## [Assignment]
In the listing below, which lines contain the string "CLASSIC"? Copy them all.

## [Input]
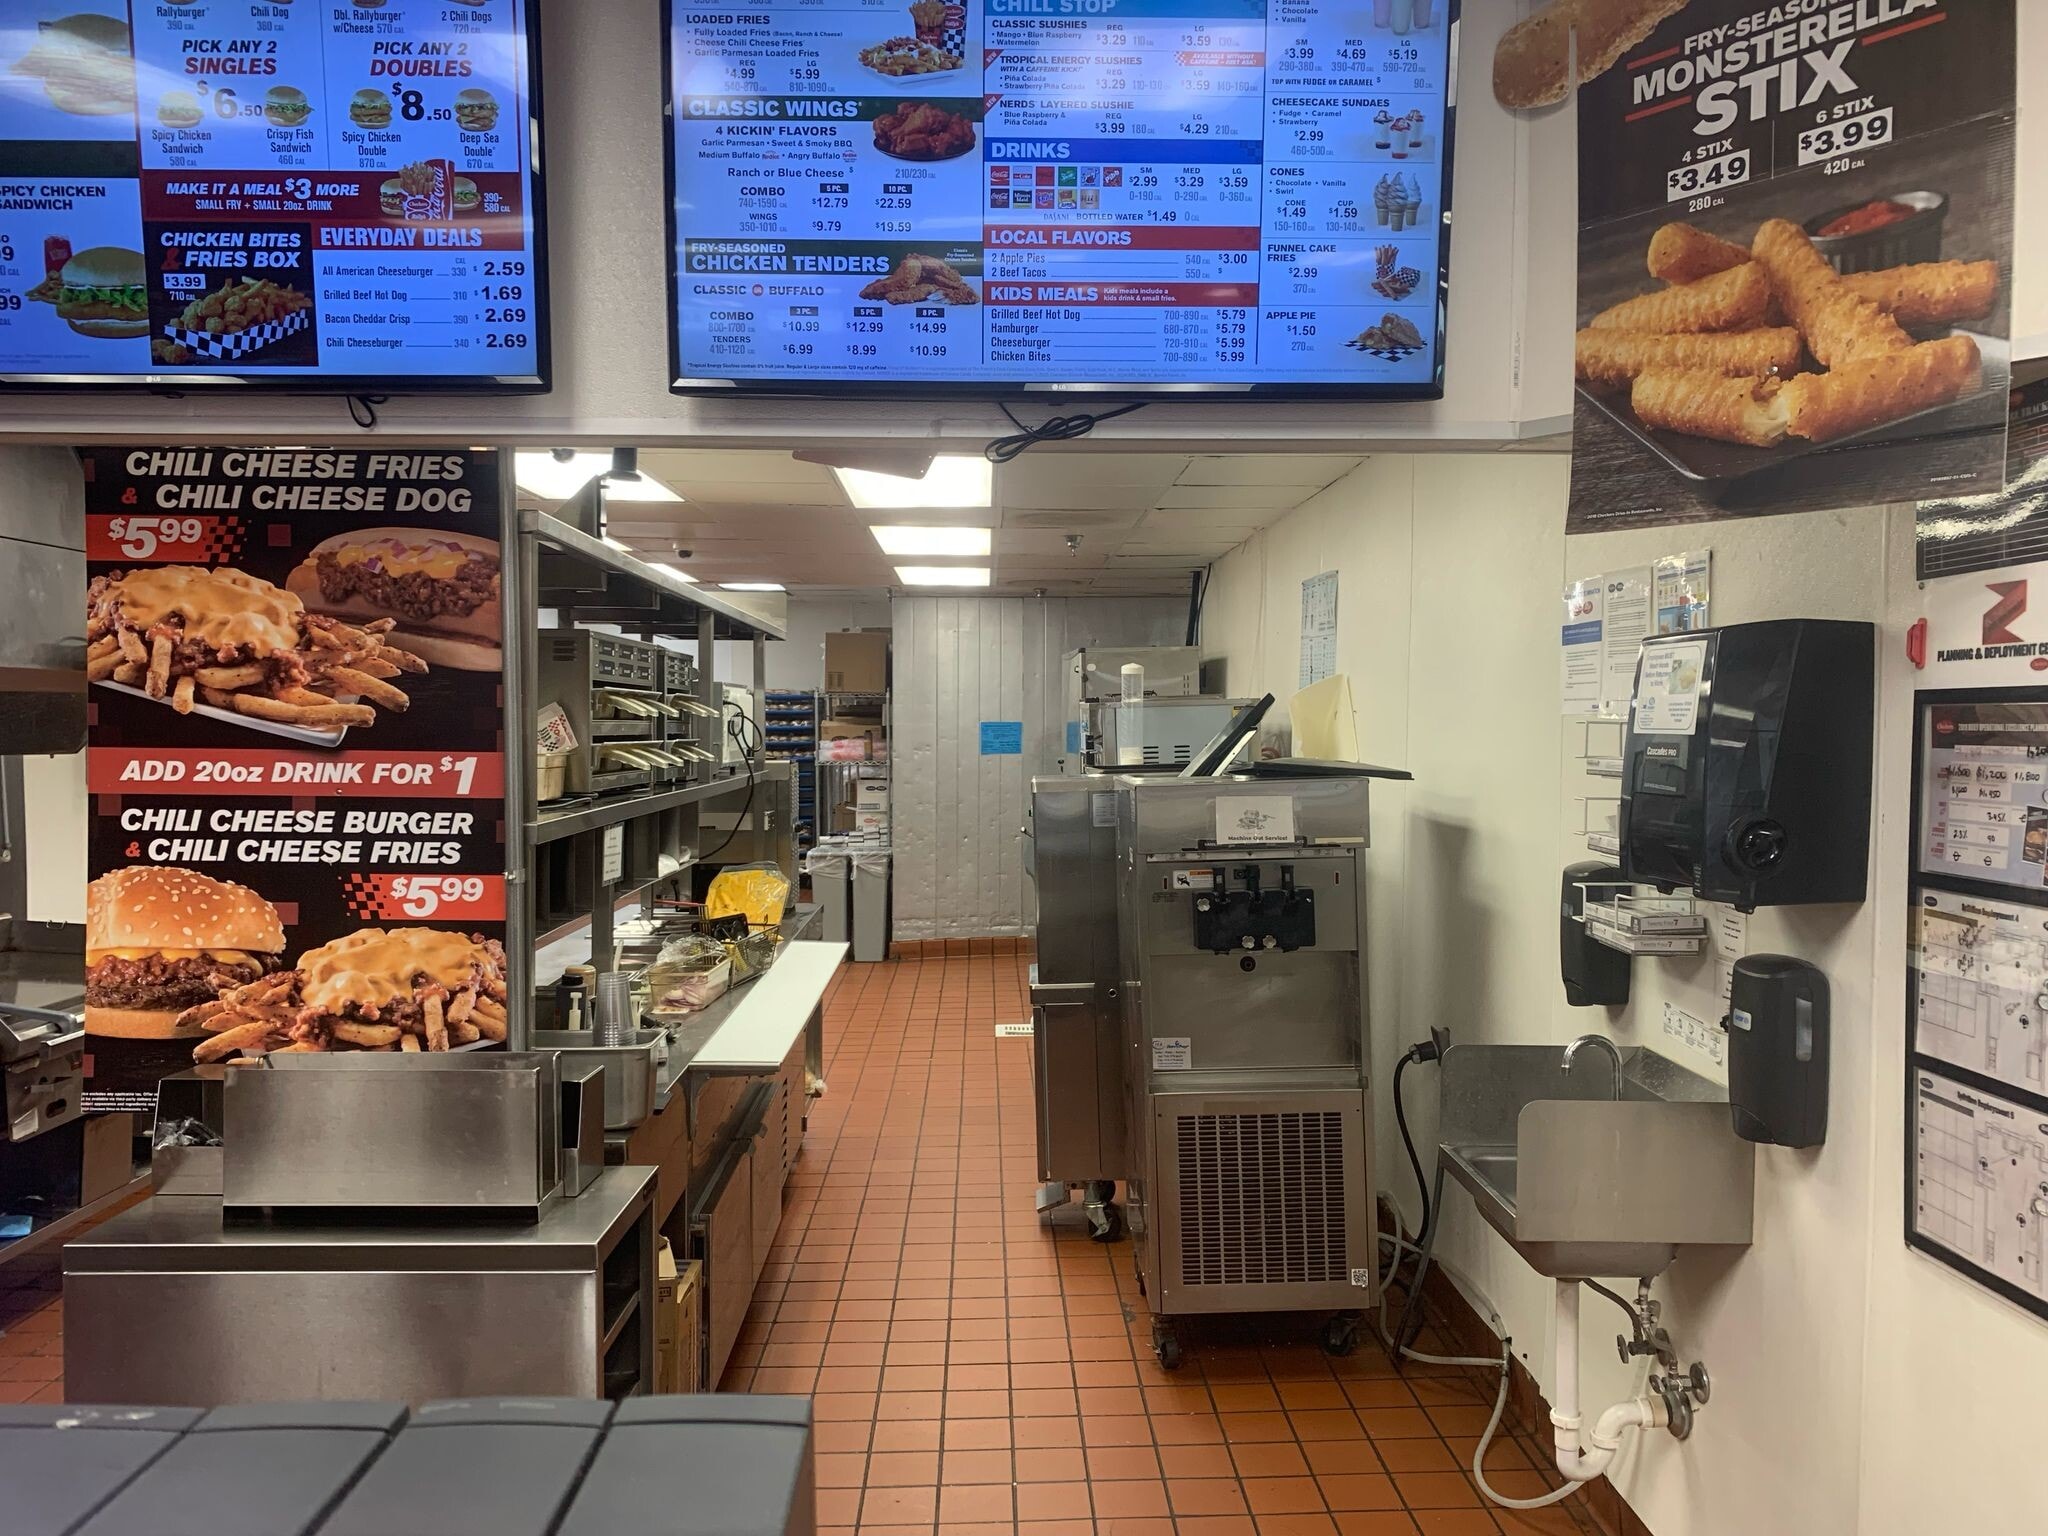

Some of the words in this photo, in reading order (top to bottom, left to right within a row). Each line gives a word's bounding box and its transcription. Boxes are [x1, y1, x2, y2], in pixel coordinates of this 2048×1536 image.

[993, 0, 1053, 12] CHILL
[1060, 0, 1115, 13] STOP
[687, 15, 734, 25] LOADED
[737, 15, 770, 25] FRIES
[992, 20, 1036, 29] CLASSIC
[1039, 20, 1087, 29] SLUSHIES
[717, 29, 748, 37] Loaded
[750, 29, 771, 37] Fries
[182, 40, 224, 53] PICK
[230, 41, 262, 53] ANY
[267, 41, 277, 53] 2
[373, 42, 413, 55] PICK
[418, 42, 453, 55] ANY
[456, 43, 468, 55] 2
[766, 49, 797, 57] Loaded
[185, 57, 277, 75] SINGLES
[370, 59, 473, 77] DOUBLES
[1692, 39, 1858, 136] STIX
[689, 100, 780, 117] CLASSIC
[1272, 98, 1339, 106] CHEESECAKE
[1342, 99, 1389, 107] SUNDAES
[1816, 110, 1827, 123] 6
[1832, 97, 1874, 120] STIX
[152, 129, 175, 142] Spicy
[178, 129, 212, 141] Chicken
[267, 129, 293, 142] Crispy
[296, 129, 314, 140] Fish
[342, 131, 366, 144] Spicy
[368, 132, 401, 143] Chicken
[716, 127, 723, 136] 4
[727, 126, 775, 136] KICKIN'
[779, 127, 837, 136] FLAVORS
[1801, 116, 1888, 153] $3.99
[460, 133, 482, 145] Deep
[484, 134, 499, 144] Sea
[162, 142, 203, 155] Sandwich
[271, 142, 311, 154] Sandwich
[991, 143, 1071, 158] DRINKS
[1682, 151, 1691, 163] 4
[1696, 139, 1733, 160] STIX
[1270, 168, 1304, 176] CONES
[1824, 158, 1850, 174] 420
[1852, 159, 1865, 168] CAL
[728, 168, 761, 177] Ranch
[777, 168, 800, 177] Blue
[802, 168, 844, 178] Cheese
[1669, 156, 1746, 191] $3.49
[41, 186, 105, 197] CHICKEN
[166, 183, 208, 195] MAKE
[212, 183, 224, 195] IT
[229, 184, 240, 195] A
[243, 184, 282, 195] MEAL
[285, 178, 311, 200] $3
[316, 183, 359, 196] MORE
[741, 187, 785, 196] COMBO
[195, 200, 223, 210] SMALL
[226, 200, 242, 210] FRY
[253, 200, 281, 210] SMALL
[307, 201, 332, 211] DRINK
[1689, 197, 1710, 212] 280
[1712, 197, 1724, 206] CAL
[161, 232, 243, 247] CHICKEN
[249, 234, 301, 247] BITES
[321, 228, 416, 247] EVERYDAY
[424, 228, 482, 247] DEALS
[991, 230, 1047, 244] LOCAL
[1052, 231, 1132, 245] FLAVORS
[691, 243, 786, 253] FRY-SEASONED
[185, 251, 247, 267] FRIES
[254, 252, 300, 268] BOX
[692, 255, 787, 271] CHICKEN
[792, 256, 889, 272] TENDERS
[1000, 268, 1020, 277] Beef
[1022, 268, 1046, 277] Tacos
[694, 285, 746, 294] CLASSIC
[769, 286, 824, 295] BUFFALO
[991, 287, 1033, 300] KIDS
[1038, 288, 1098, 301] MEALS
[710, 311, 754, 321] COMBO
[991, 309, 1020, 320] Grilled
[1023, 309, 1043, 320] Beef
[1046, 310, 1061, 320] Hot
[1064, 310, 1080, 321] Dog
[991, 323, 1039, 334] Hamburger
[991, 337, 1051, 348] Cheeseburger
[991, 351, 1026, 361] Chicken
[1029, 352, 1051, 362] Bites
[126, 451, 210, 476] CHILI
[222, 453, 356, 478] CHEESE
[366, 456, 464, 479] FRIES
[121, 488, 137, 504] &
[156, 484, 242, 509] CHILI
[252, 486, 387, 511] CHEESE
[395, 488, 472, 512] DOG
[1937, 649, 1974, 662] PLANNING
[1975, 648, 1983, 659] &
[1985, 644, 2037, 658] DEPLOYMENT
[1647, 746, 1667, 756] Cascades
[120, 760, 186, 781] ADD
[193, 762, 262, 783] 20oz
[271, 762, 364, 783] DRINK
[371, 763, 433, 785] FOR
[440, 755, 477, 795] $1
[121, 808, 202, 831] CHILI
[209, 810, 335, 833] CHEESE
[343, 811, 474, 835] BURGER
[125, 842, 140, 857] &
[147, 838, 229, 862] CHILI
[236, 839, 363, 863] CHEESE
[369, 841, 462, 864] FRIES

## [Written solution]
[992, 20, 1036, 29] CLASSIC
[689, 100, 780, 117] CLASSIC
[694, 285, 746, 294] CLASSIC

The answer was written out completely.